TASK INPUT.
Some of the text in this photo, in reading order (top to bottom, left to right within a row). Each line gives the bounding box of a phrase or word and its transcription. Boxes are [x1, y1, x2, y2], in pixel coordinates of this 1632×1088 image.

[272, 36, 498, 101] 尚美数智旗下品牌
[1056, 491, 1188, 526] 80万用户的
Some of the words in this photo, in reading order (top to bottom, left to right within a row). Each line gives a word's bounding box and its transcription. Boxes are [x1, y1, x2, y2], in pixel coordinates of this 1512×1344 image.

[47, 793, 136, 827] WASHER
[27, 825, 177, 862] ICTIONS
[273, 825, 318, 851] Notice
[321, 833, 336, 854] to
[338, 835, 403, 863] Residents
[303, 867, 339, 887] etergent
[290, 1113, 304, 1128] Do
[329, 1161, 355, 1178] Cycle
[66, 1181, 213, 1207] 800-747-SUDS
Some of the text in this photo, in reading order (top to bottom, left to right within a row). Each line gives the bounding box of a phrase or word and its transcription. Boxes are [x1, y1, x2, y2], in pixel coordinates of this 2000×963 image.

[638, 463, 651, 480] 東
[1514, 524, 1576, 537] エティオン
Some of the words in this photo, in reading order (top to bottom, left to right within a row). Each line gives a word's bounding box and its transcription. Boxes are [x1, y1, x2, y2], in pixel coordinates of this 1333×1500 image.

WORK TO BE COMPLETED.
Your reply should consist of the records, copied exactly.

SOLUTION TO THIS TASK.
Some of the text in this photo, in reading order (top to bottom, left to right within a row). Each line gives the bounding box of a phrase or word and its transcription. Boxes are [x1, y1, x2, y2], in pixel coordinates of this 1632×1088 image.

[272, 36, 498, 101] 尚美数智旗下品牌
[1056, 491, 1188, 526] 80万用户的
Some of the words in this photo, in reading order (top to bottom, left to right within a row). Each line gives a word's bounding box and its transcription. Boxes are [x1, y1, x2, y2], in pixel coordinates of this 1512×1344 image.

[47, 793, 136, 827] WASHER
[27, 825, 177, 862] ICTIONS
[273, 825, 318, 851] Notice
[321, 833, 336, 854] to
[338, 835, 403, 863] Residents
[303, 867, 339, 887] etergent
[290, 1113, 304, 1128] Do
[329, 1161, 355, 1178] Cycle
[66, 1181, 213, 1207] 800-747-SUDS
Some of the text in this photo, in reading order (top to bottom, left to right within a row). Each line gives the bounding box of a phrase or word and its transcription. Boxes are [x1, y1, x2, y2], in pixel coordinates of this 2000×963 image.

[638, 463, 651, 480] 東
[1514, 524, 1576, 537] エティオン
Some of the words in this photo, in reading order (top to bottom, left to right within a row). Each line gives a word's bounding box and its transcription. Boxes are [x1, y1, x2, y2], in pixel coordinates of this 1333×1500 image.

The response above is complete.